Exercise: From the first line to the last, give the records again exactly and skip the pictures.

Collected data:
++++++++++++++++++++
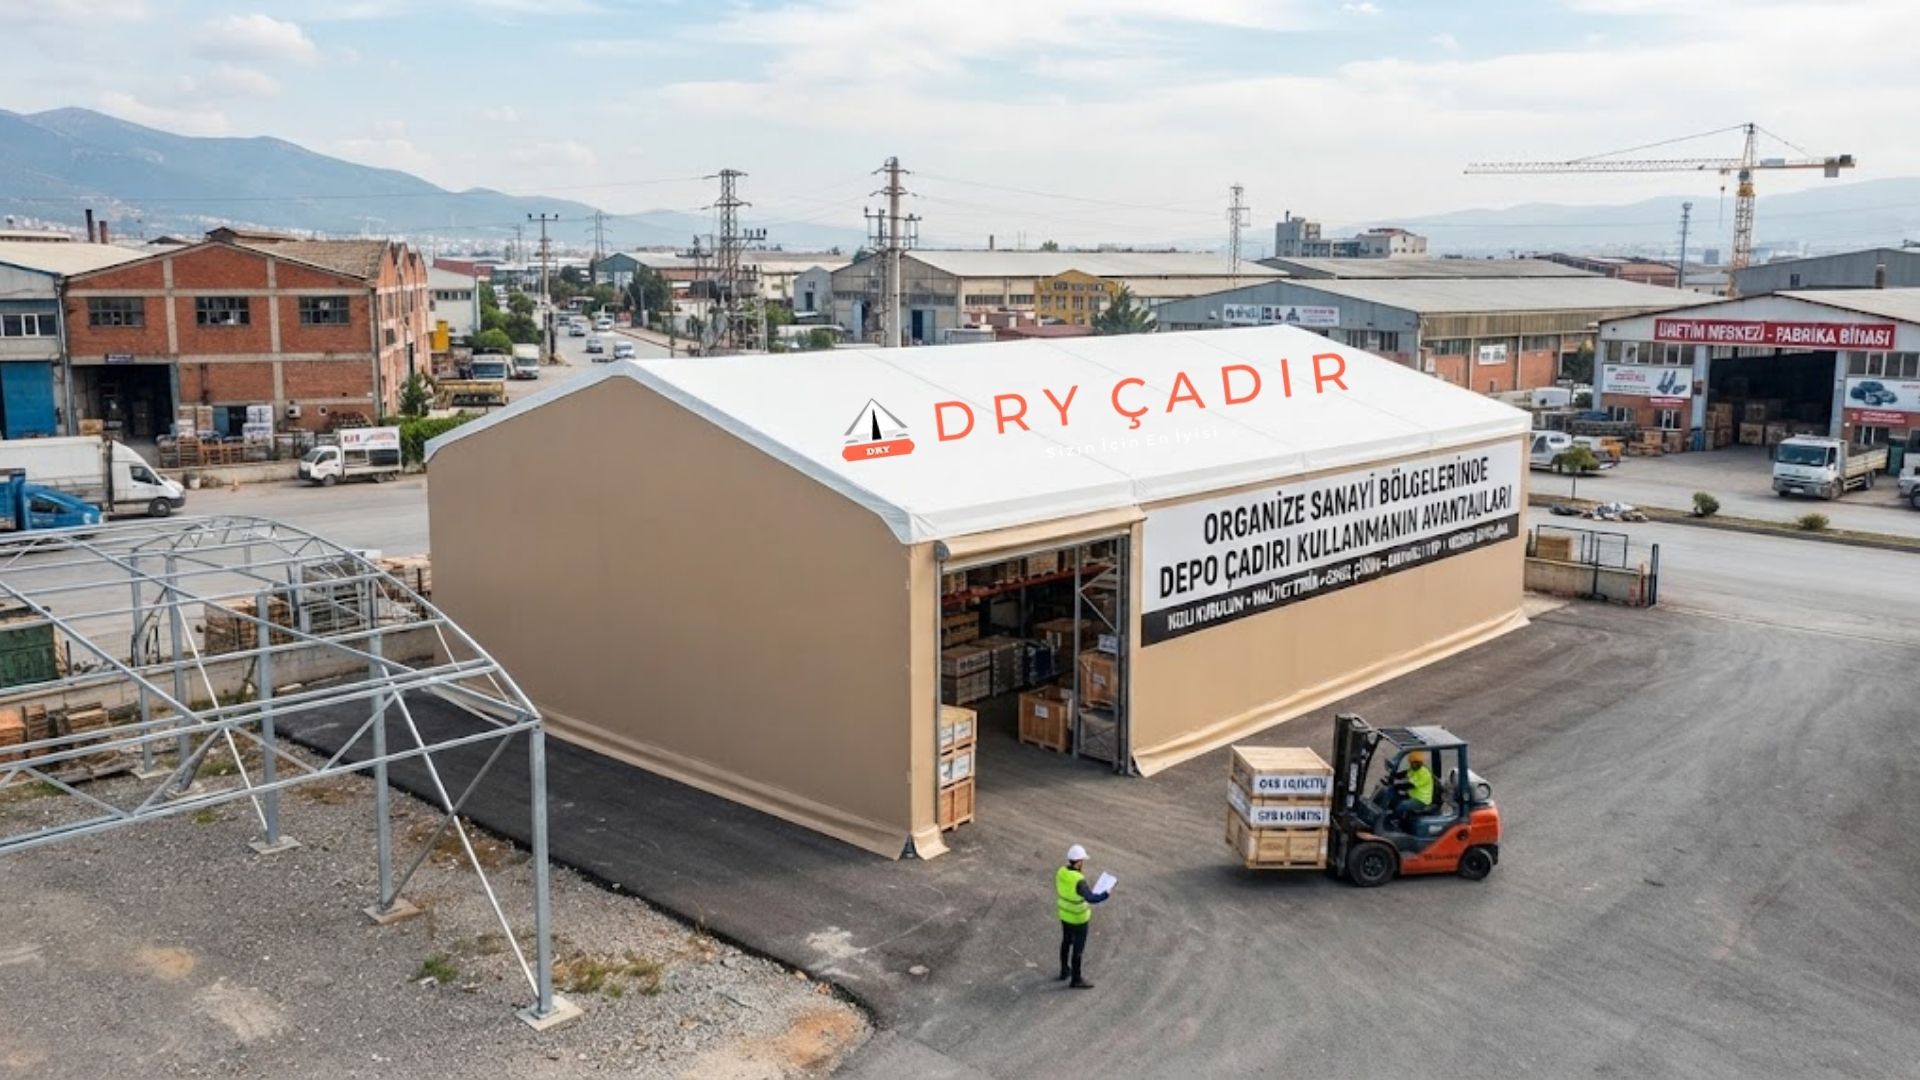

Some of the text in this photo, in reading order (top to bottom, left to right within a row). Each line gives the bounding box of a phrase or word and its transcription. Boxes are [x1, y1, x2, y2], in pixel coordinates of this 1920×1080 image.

[1204, 490, 1306, 545] ORGANİZE
[1311, 471, 1375, 521] SANAYİ
[1160, 554, 1218, 598] DEPO
[1225, 536, 1291, 589] ÇADIRI
[1297, 505, 1418, 563] KULLANMANIN
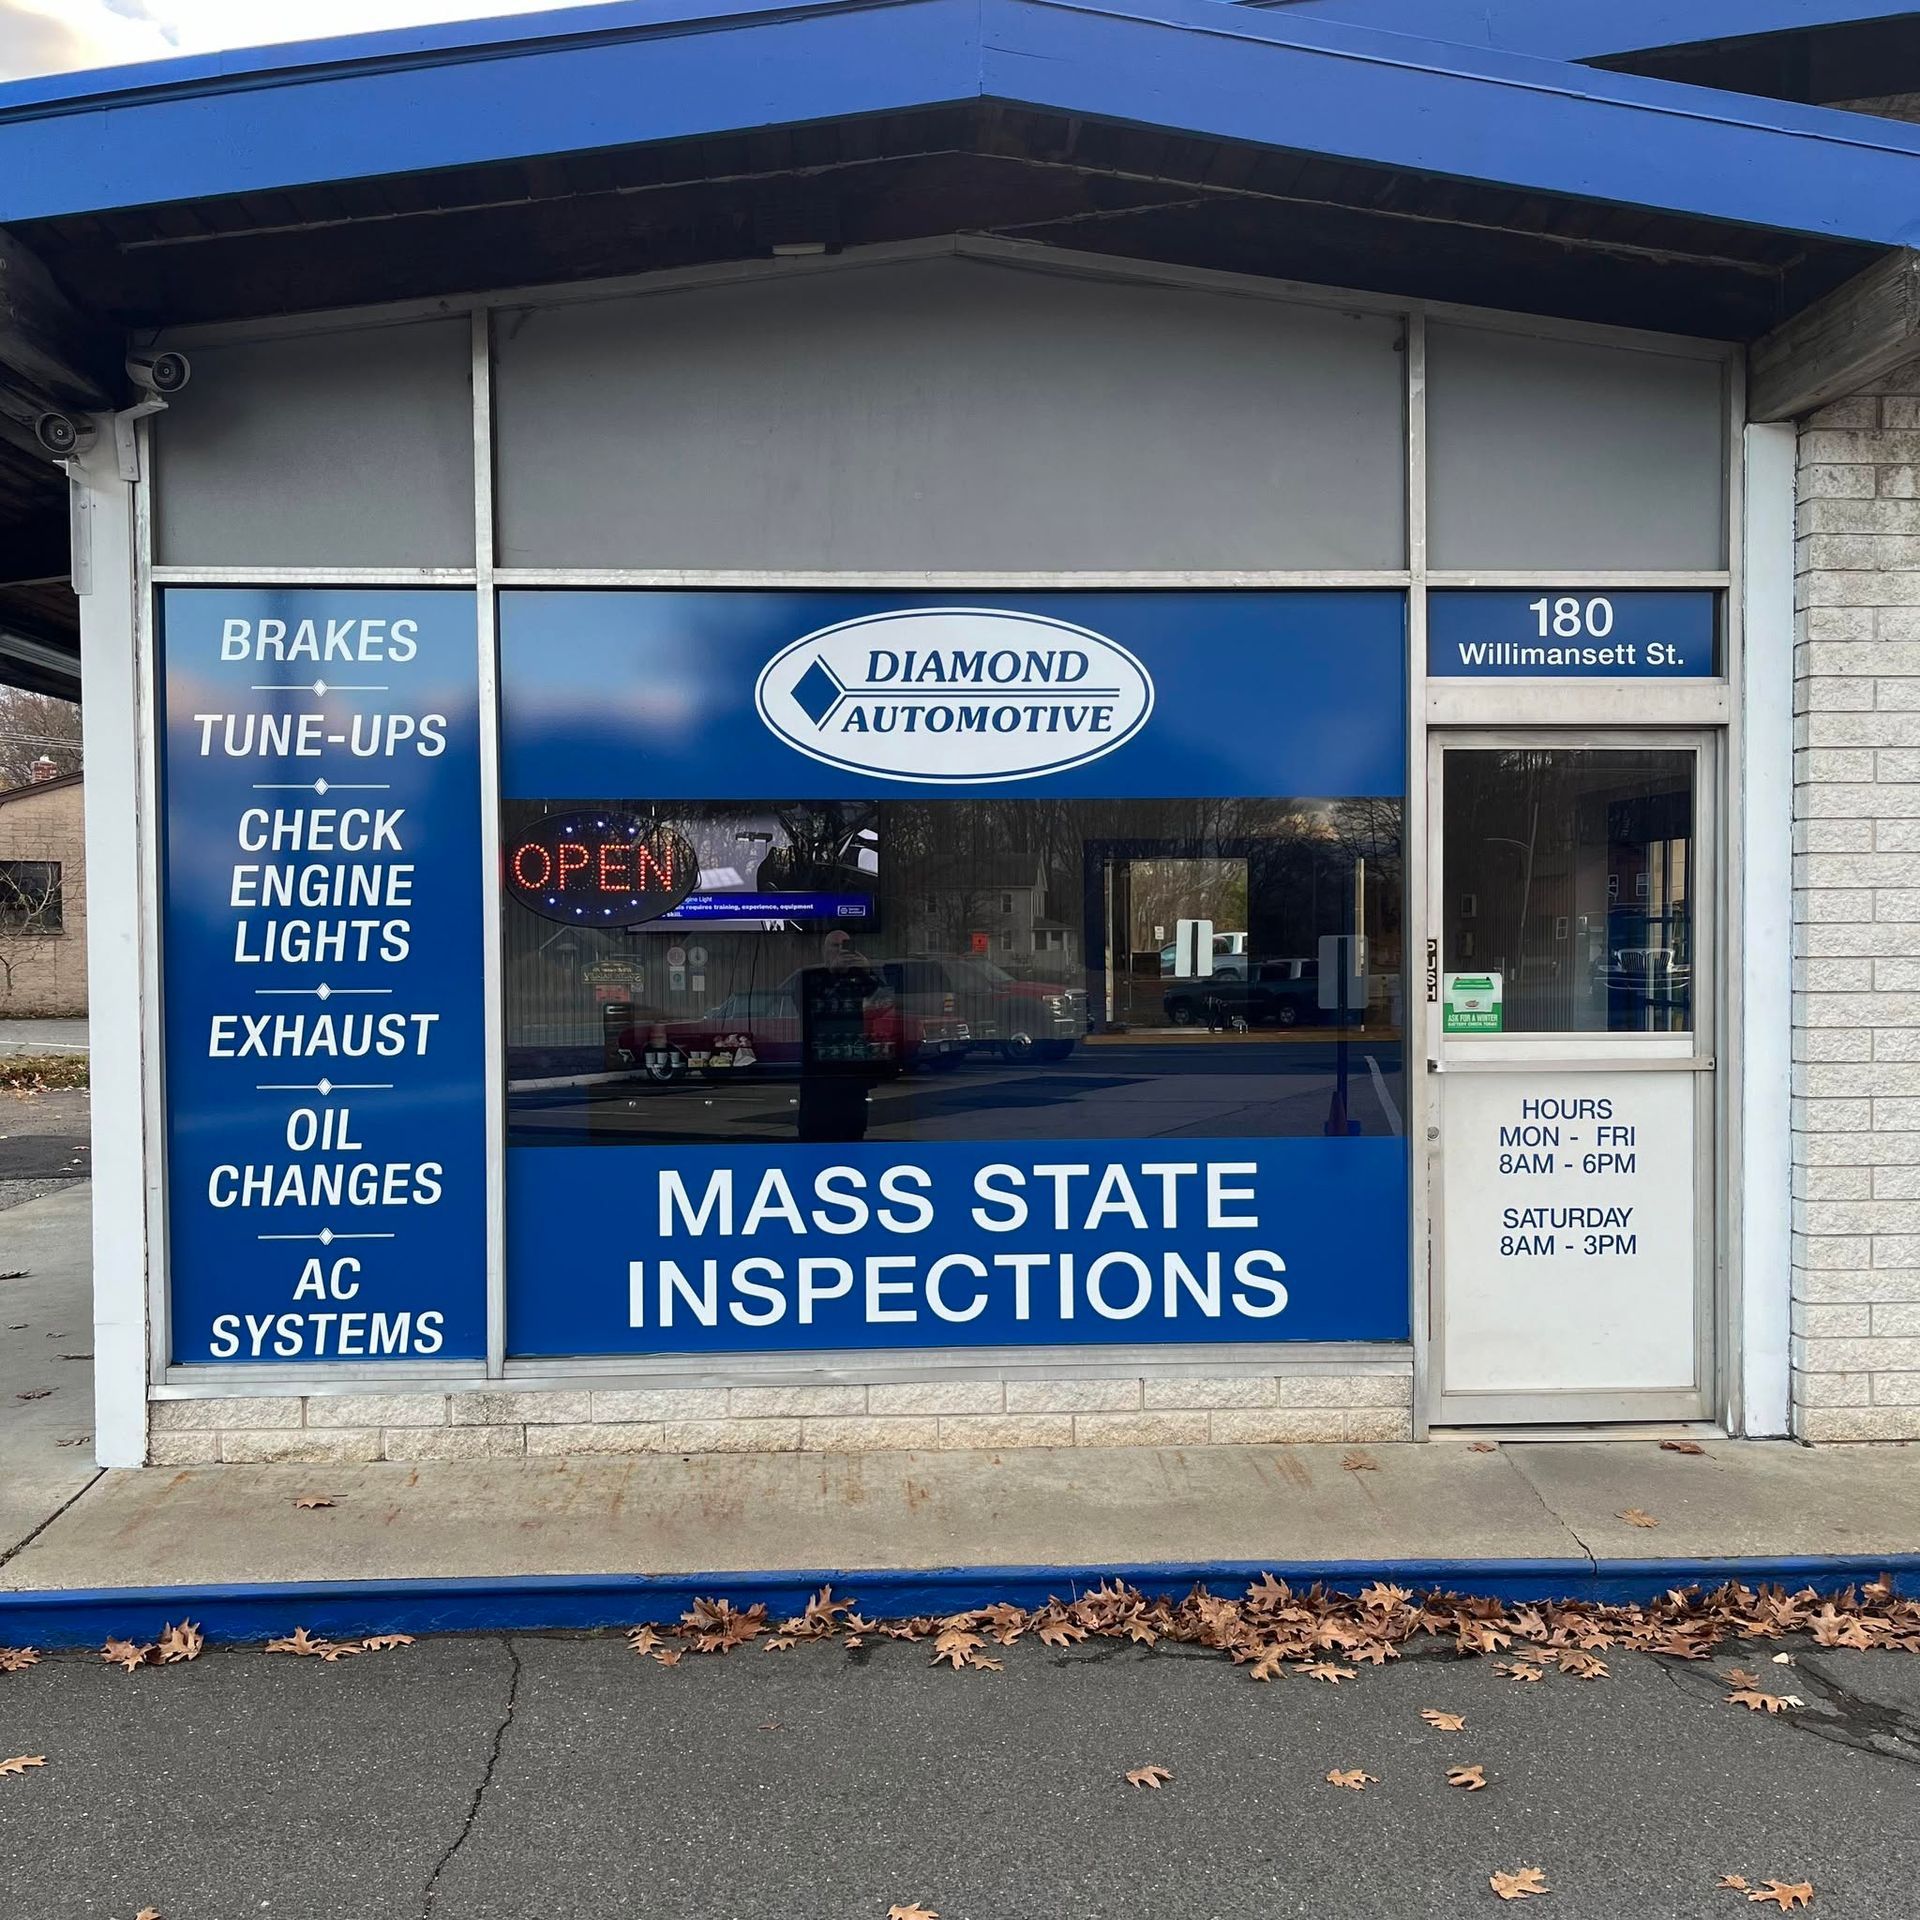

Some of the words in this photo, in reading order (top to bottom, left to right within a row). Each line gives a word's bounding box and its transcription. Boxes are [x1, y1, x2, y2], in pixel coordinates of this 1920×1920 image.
++++++++++++++++++++
Written response:
Some of the text in this photo, in reading order (top to bottom, left to right within a row). Each line gives the bounding box of a phrase or word and its transcription. Boxes are [x1, y1, x2, y2], in pixel coordinates of this 1920×1080 image.

[1204, 490, 1306, 545] ORGANİZE
[1311, 471, 1375, 521] SANAYİ
[1160, 554, 1218, 598] DEPO
[1225, 536, 1291, 589] ÇADIRI
[1297, 505, 1418, 563] KULLANMANIN

Some of the words in this photo, in reading order (top to bottom, left to right within a row). Each line gives a word's bounding box and its transcription. Boxes are [x1, y1, x2, y2], in pixel coordinates of this 1920×1920 image.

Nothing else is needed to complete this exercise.